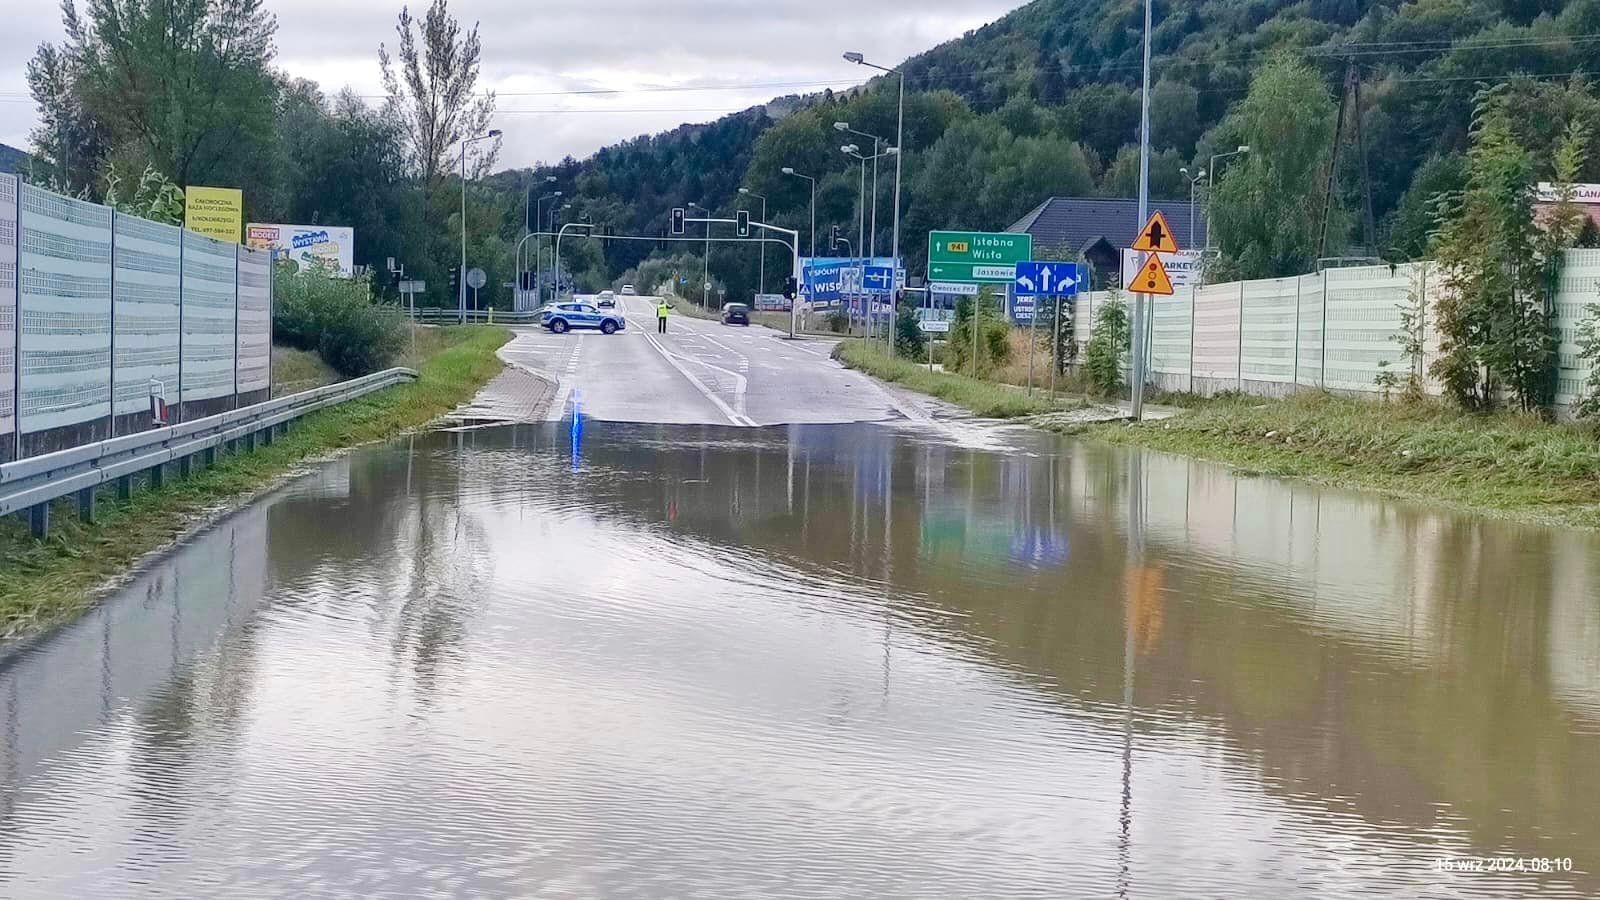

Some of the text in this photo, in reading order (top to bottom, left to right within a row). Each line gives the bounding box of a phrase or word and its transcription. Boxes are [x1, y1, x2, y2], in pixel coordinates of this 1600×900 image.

[293, 235, 329, 248] WYSTAWA
[972, 236, 1014, 247] Istebna
[950, 243, 965, 251] 941
[972, 250, 1002, 259] Wisła
[977, 268, 1014, 276] Jaszowie
[1016, 296, 1034, 304] JERZ

▶ [PROMPT] For this exercise, copy the entries above exactly and skip any picture.

▶ [REPLY TO THE TASK]
Some of the text in this photo, in reading order (top to bottom, left to right within a row). Each line gives the bounding box of a phrase or word and its transcription. Boxes are [x1, y1, x2, y2], in pixel coordinates of this 1600×900 image.

[293, 235, 329, 248] WYSTAWA
[972, 236, 1014, 247] Istebna
[950, 243, 965, 251] 941
[972, 250, 1002, 259] Wisła
[977, 268, 1014, 276] Jaszowie
[1016, 296, 1034, 304] JERZ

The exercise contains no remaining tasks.